Reproduce the full set of records that follow, exactly as shown.

Start of Data for analysis

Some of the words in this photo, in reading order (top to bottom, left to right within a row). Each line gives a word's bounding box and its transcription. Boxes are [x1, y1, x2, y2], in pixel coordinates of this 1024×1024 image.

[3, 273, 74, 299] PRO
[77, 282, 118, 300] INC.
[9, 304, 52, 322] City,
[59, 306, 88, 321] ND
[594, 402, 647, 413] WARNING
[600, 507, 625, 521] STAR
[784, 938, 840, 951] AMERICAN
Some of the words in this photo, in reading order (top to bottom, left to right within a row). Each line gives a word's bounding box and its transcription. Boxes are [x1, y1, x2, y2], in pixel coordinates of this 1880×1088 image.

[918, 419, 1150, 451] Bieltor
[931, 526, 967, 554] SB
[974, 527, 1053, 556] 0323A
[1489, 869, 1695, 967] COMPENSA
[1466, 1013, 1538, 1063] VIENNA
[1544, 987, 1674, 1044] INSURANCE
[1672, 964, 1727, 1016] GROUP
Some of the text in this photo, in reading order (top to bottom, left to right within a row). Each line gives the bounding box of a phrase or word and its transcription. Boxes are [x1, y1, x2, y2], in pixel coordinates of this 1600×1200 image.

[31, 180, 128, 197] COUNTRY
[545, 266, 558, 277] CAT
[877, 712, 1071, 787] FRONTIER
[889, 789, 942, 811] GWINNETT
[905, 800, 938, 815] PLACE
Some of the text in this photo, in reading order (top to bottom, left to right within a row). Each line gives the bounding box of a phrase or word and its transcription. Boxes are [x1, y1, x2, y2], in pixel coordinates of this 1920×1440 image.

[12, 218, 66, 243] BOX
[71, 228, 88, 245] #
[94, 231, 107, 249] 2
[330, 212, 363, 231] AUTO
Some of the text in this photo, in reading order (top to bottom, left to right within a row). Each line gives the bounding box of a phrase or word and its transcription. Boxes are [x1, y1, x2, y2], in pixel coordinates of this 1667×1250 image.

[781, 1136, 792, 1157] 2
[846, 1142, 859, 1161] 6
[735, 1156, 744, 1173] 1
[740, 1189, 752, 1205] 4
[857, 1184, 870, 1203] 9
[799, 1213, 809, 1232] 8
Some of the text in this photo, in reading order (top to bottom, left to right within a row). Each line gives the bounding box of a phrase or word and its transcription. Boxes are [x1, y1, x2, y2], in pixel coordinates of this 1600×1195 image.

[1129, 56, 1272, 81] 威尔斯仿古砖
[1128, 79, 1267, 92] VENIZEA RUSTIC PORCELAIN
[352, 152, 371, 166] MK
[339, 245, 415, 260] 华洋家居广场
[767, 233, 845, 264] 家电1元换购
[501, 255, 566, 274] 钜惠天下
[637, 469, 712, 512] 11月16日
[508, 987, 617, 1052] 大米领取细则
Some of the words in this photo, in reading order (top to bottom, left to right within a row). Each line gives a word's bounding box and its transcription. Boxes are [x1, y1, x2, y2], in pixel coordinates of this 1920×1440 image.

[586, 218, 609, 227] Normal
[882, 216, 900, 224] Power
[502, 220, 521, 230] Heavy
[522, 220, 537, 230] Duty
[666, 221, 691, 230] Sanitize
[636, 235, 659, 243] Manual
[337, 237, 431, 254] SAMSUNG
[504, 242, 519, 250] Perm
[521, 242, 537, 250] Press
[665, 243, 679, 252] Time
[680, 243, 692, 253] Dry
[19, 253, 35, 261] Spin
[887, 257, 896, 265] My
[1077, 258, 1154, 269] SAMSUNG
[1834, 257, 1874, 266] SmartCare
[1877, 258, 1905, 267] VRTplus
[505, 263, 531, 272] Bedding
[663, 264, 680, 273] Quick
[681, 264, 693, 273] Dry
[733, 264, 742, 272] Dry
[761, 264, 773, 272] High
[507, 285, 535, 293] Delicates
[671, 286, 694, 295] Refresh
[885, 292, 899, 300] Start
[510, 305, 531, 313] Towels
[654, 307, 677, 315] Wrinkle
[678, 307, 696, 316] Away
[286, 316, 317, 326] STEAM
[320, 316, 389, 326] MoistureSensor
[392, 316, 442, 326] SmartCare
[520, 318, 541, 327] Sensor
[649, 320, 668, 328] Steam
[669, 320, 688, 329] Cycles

End of Data for analysis

> [Answer to the exercise]:
Some of the words in this photo, in reading order (top to bottom, left to right within a row). Each line gives a word's bounding box and its transcription. Boxes are [x1, y1, x2, y2], in pixel coordinates of this 1024×1024 image.

[3, 273, 74, 299] PRO
[77, 282, 118, 300] INC.
[9, 304, 52, 322] City,
[59, 306, 88, 321] ND
[594, 402, 647, 413] WARNING
[600, 507, 625, 521] STAR
[784, 938, 840, 951] AMERICAN
Some of the words in this photo, in reading order (top to bottom, left to right within a row). Each line gives a word's bounding box and its transcription. Boxes are [x1, y1, x2, y2], in pixel coordinates of this 1880×1088 image.

[918, 419, 1150, 451] Bieltor
[931, 526, 967, 554] SB
[974, 527, 1053, 556] 0323A
[1489, 869, 1695, 967] COMPENSA
[1466, 1013, 1538, 1063] VIENNA
[1544, 987, 1674, 1044] INSURANCE
[1672, 964, 1727, 1016] GROUP
Some of the text in this photo, in reading order (top to bottom, left to right within a row). Each line gives the bounding box of a phrase or word and its transcription. Boxes are [x1, y1, x2, y2], in pixel coordinates of this 1600×1200 image.

[31, 180, 128, 197] COUNTRY
[545, 266, 558, 277] CAT
[877, 712, 1071, 787] FRONTIER
[889, 789, 942, 811] GWINNETT
[905, 800, 938, 815] PLACE
Some of the text in this photo, in reading order (top to bottom, left to right within a row). Each line gives the bounding box of a phrase or word and its transcription. Boxes are [x1, y1, x2, y2], in pixel coordinates of this 1920×1440 image.

[12, 218, 66, 243] BOX
[71, 228, 88, 245] #
[94, 231, 107, 249] 2
[330, 212, 363, 231] AUTO
Some of the text in this photo, in reading order (top to bottom, left to right within a row). Each line gives the bounding box of a phrase or word and its transcription. Boxes are [x1, y1, x2, y2], in pixel coordinates of this 1667×1250 image.

[781, 1136, 792, 1157] 2
[846, 1142, 859, 1161] 6
[735, 1156, 744, 1173] 1
[740, 1189, 752, 1205] 4
[857, 1184, 870, 1203] 9
[799, 1213, 809, 1232] 8
Some of the text in this photo, in reading order (top to bottom, left to right within a row). Each line gives the bounding box of a phrase or word and its transcription. Boxes are [x1, y1, x2, y2], in pixel coordinates of this 1600×1195 image.

[1129, 56, 1272, 81] 威尔斯仿古砖
[1128, 79, 1267, 92] VENIZEA RUSTIC PORCELAIN
[352, 152, 371, 166] MK
[339, 245, 415, 260] 华洋家居广场
[767, 233, 845, 264] 家电1元换购
[501, 255, 566, 274] 钜惠天下
[637, 469, 712, 512] 11月16日
[508, 987, 617, 1052] 大米领取细则
Some of the words in this photo, in reading order (top to bottom, left to right within a row). Each line gives a word's bounding box and its transcription. Boxes are [x1, y1, x2, y2], in pixel coordinates of this 1920×1440 image.

[586, 218, 609, 227] Normal
[882, 216, 900, 224] Power
[502, 220, 521, 230] Heavy
[522, 220, 537, 230] Duty
[666, 221, 691, 230] Sanitize
[636, 235, 659, 243] Manual
[337, 237, 431, 254] SAMSUNG
[504, 242, 519, 250] Perm
[521, 242, 537, 250] Press
[665, 243, 679, 252] Time
[680, 243, 692, 253] Dry
[19, 253, 35, 261] Spin
[887, 257, 896, 265] My
[1077, 258, 1154, 269] SAMSUNG
[1834, 257, 1874, 266] SmartCare
[1877, 258, 1905, 267] VRTplus
[505, 263, 531, 272] Bedding
[663, 264, 680, 273] Quick
[681, 264, 693, 273] Dry
[733, 264, 742, 272] Dry
[761, 264, 773, 272] High
[507, 285, 535, 293] Delicates
[671, 286, 694, 295] Refresh
[885, 292, 899, 300] Start
[510, 305, 531, 313] Towels
[654, 307, 677, 315] Wrinkle
[678, 307, 696, 316] Away
[286, 316, 317, 326] STEAM
[320, 316, 389, 326] MoistureSensor
[392, 316, 442, 326] SmartCare
[520, 318, 541, 327] Sensor
[649, 320, 668, 328] Steam
[669, 320, 688, 329] Cycles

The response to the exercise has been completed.